La soie Thaïlandaise de Bangkok En 1947, une valise pleine d’échantillons de soie, Thompson s’envole pour New York. Une éditrice de mode se passionne pour les tissus et lui offre aussitôt son soutien. De retour en Thaïlande, il crée une société dont il est actionnaire majoritaire et directeur. Il gère d’une façon nouvelle l’entreprise qui emploie en priorité des femmes, autorisées à travailler chez elles pour ne pas perturber leur vie familiale. Il introduit des changements importants dans les modes de fabrication et remplace les teintures végétales par des peintures chimiques, tout en respectant les couleurs traditionnelles de la soie.
Au début des années 1950, Thompson ouvre un magasin à Bangkok qui connaît un succès fulgurant. Bientôt il reçoit la visite de la reine Sirikit, qui n’a jamais ménagé ses efforts pour promouvoir l’artisanat et le patrimoine culturel thaïs. Elle devient sa cliente la plus célèbre et la plus influente. Lors de ses visites officielles à l’étranger, elle porte des tenues confectionnées en soies traditionnelles qui ne manquent pas d’attirer l’attention du grand couturier français Pierre Balmain. Les commandes affluent de toutes parts.

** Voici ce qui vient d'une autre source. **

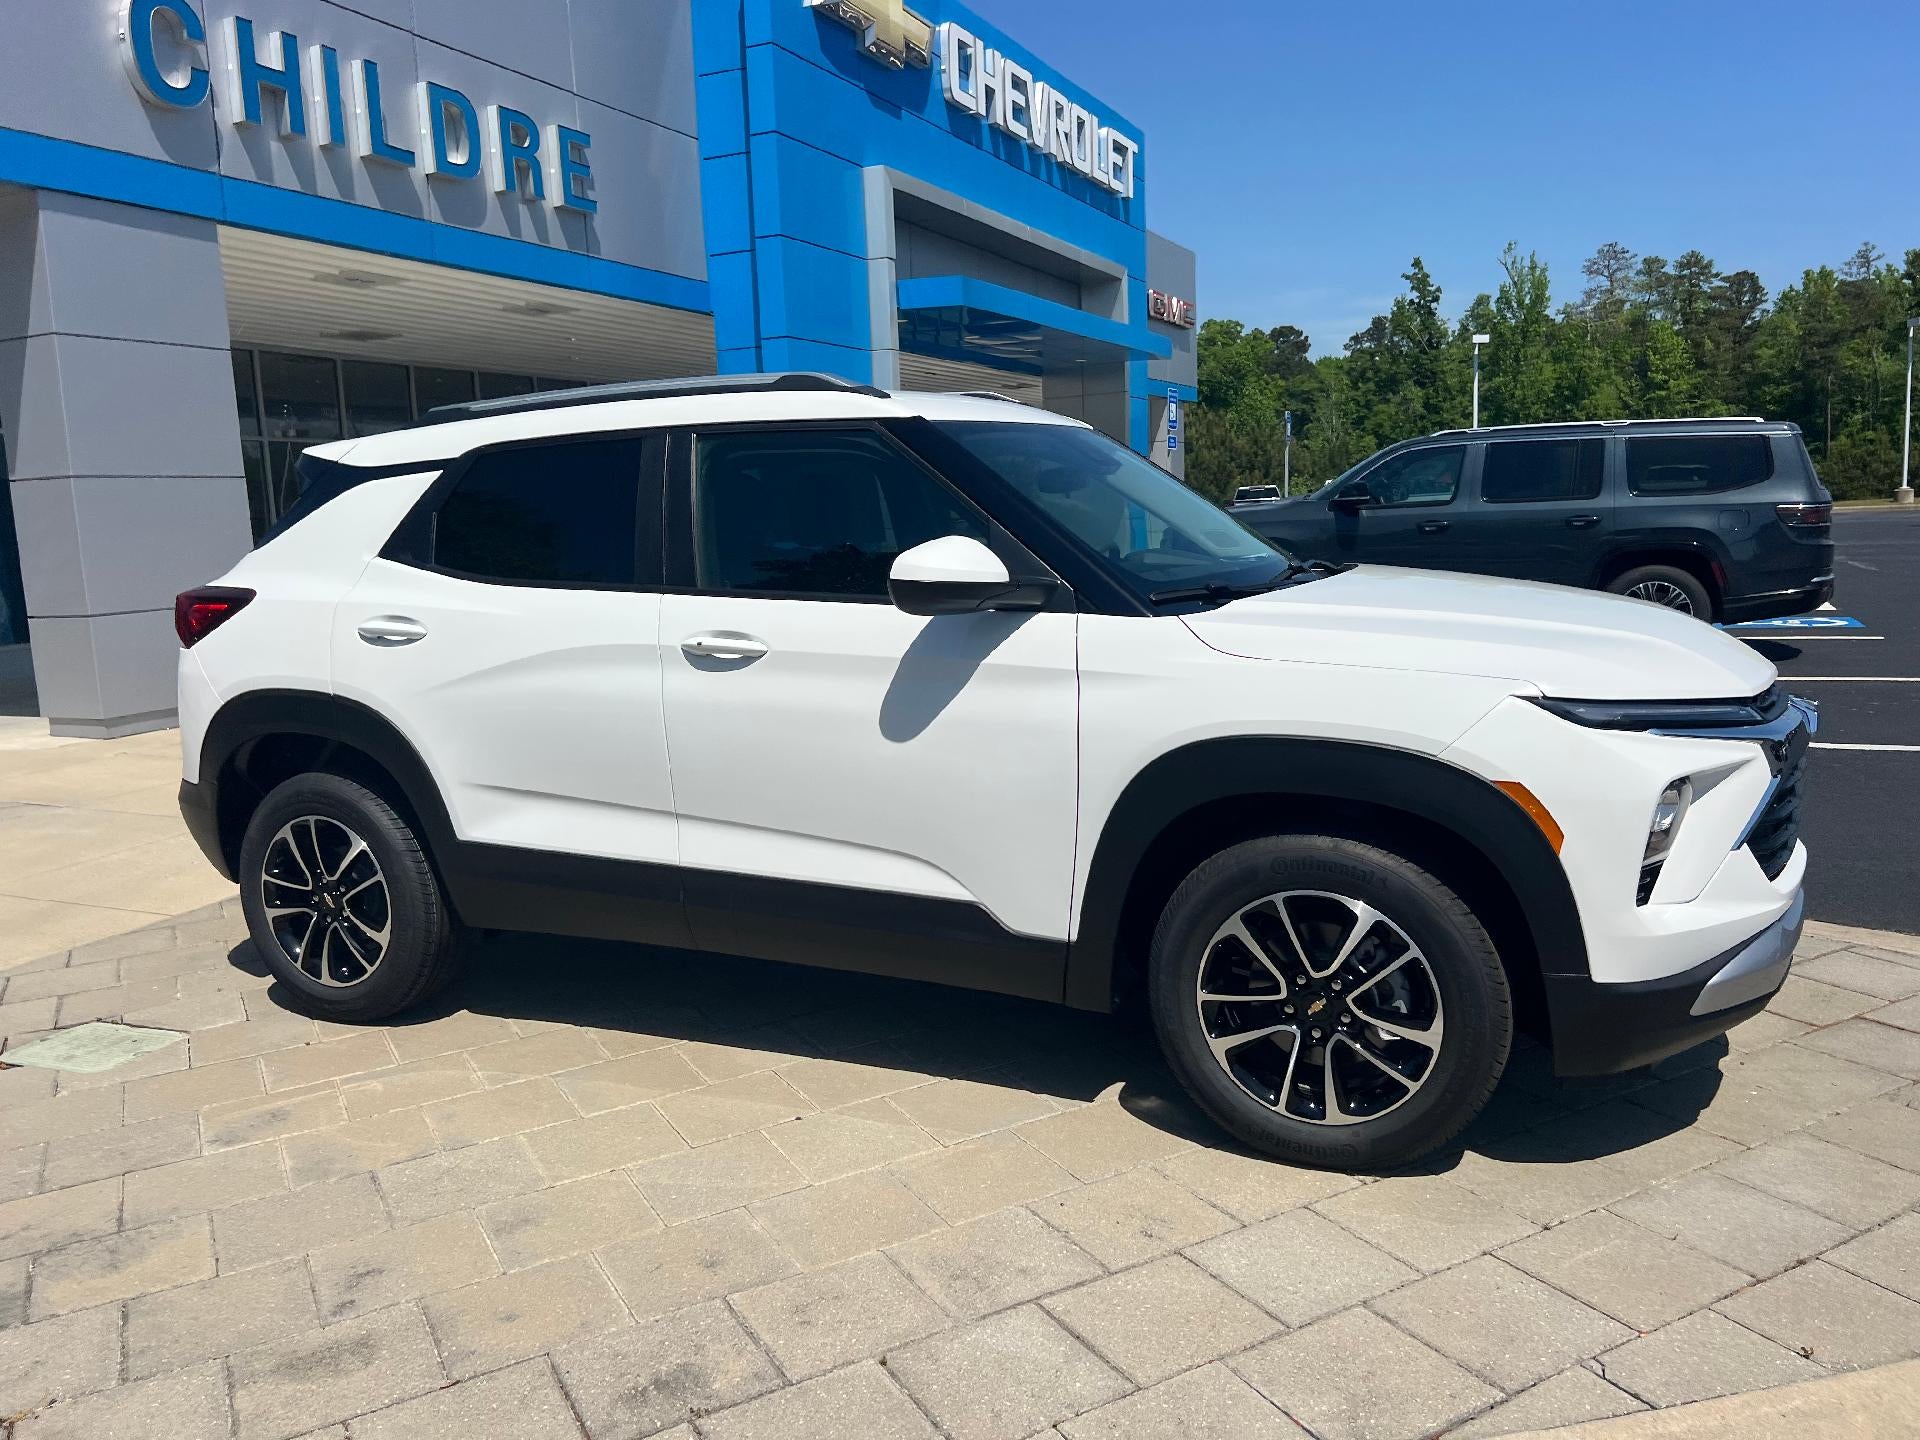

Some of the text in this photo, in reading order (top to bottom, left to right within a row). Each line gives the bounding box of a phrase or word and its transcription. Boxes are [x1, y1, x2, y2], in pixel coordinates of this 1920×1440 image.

[120, 0, 597, 213] CHILDRE
[940, 21, 1139, 199] CHEVROLET
[1148, 288, 1195, 329] GMC

La mystérieuse disparition de Jim Thompson
Le dimanche de Pâques 1967, cet homme d’affaires américain Jim Thompson, établi en Thaïlande disparaît dans la jungle malaisienne dans des circonstances qui ne seront jamais élucidées. Le mystère captive l’attention des médias et du public en Asie, mais aussi en Amérique et ailleurs. Car l’homme est loin d’être un inconnu : il suffit d’adresser une lettre à « Jim Thomson, Bangkok », pour qu’elle trouve son destinataire parmi les trois millions habitants de la capitale thaïlandaise.
L'influence de Jim Thompson sur la soie Thaïlandaise
Durant les vingt années précédant son séjour fatal en Malaisie, Jim Thomson réalise ce que d’autres ne réussissent pas en une vie entière. Se spécialisant dans un art dont il ignorait tout, il crée une vaste industrie de la soie en Thaïlande. Sa maison à Bangkok, qui abrite des trésors artistiques de la région, est un chef d’œuvre architectural.
La Thaïlande,renommée pour ses soies artisanales et naturelles
De nos jours, le tissage, qui constitue l’étape centrale dans le processus de la fabrication de la soie, est entre les mains de 600 tisserands, hommes et femmes, qui transmettent leur savoir-faire de génération en génération.
Concilient tradition et modernité, l’impression des tissus se fait aussi bien à l’aide de pochoirs en bois que d’imprimantes numériques. Le contrôle de la qualité et la finition à la main sont de rigueur, assurant un bon compromis entre artisanat, tradition, écologie et industrialisation.
L’homme d’affaires américain l’avait prédit : cette grande aventure de la soie thaïlandaise devait servir à la prospérité du pays. Aujourd’hui, 90% des actionnaires de la société Jim Thompson sont Thaïlandais, dont un tiers des enfants et petits-enfants des premiers tisserands musulmans de Benkrua.